Roman Jerry Woodall, 44, a student in secondary education, died December 8.
Son of Betty Zane Nix Woodall and the late Clyde E. Woodall, an agricultural experiment station retiree, Woodall graduated in 1988 with a degree in history. He had returned to Clemson to pursue an additional teaching certification.
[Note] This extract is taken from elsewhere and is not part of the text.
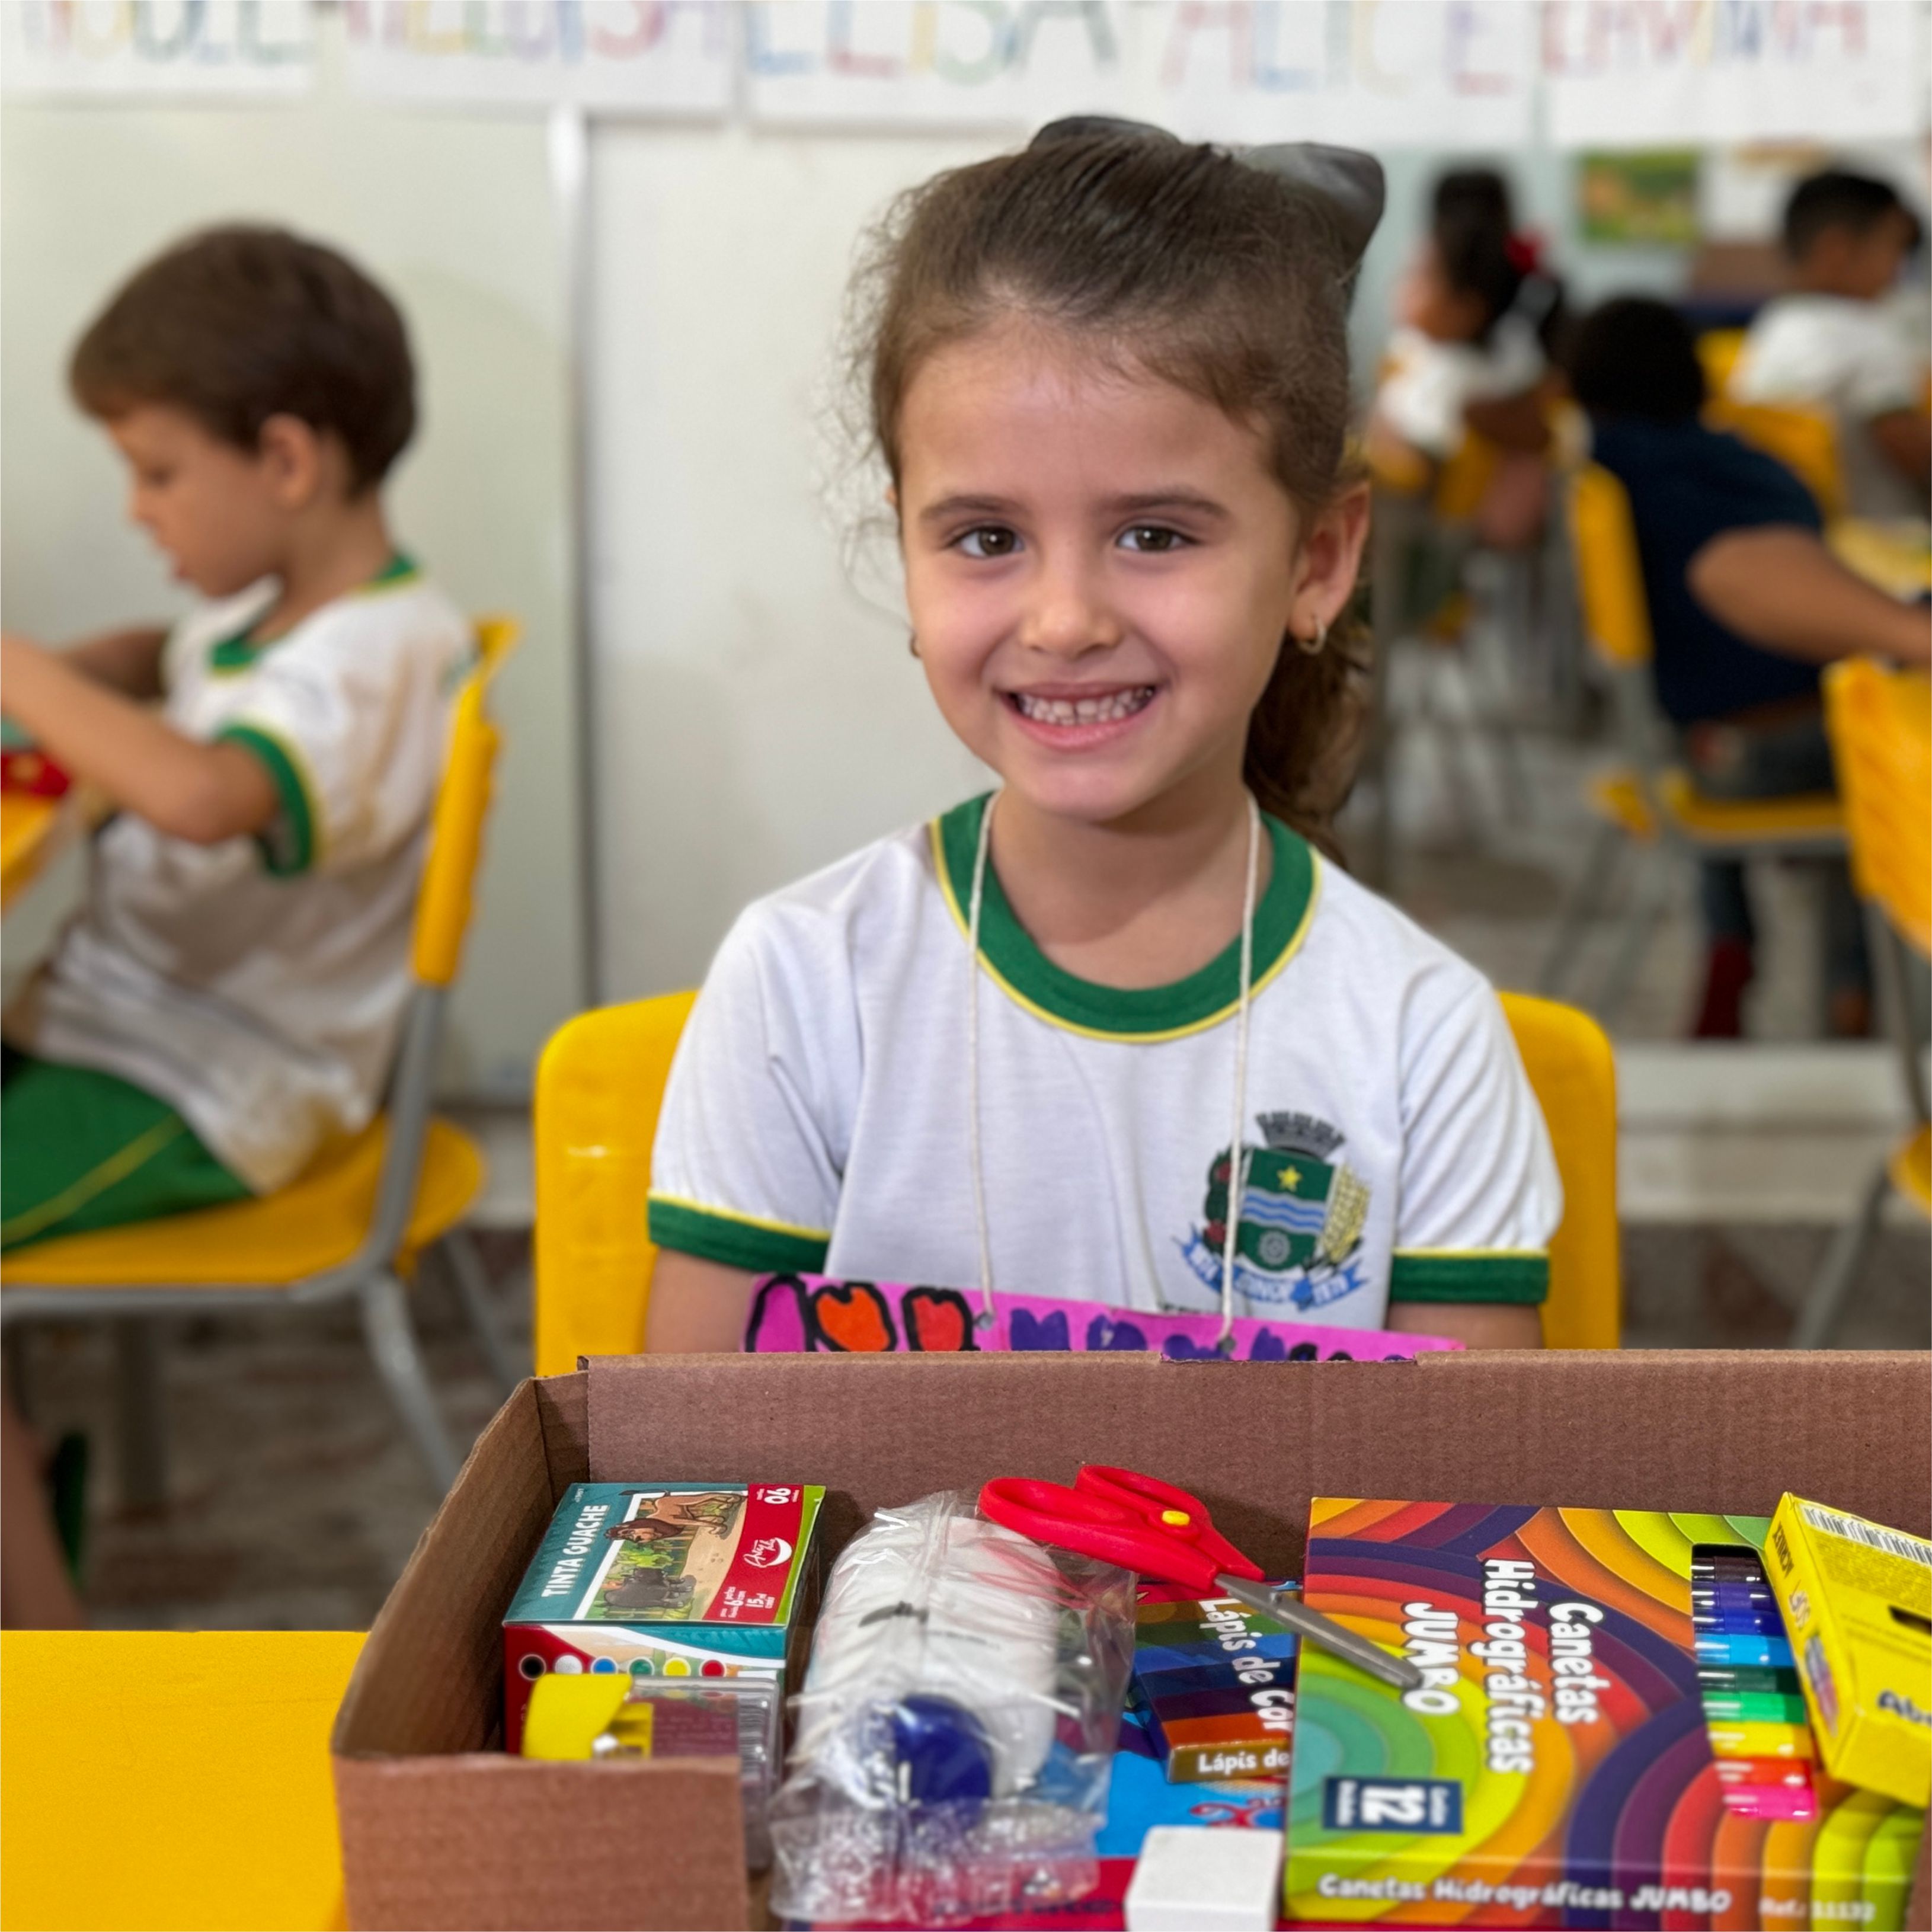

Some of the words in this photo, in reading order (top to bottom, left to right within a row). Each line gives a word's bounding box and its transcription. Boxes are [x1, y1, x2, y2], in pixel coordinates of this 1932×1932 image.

He was also employed by GNC.
A memorial service will be held at 2 p.m. on Friday, Dec. 11 at First Baptist Church of Pendleton, where he was a member.
There will be a reception for family and friends following the service in the Fellowship Hall of the church.
In addition to his mother, Woodall is survived by a brother, Randall E. Woodall and wife Pamela of Kings Mountain, N.C.; nephew Justin Woodall of Central; and niece Beth Ann Moses of Kings Mountain, N.C.
Memorials may be made to First Baptist Church of Pendleton, 351 S. Broad St., Pendleton, SC or to the charity of one's choice.
Condolences may be sent to the family at:
104 Wren Street
Clemson, SC 29631
Condolences may also be expressed at Duckett-Robinson Funeral Home, Central-Clemson Commons or online at:

Woodall was a member of the CU After 6 Singers, and a brother of Mu Beta Psi music honor fraternity.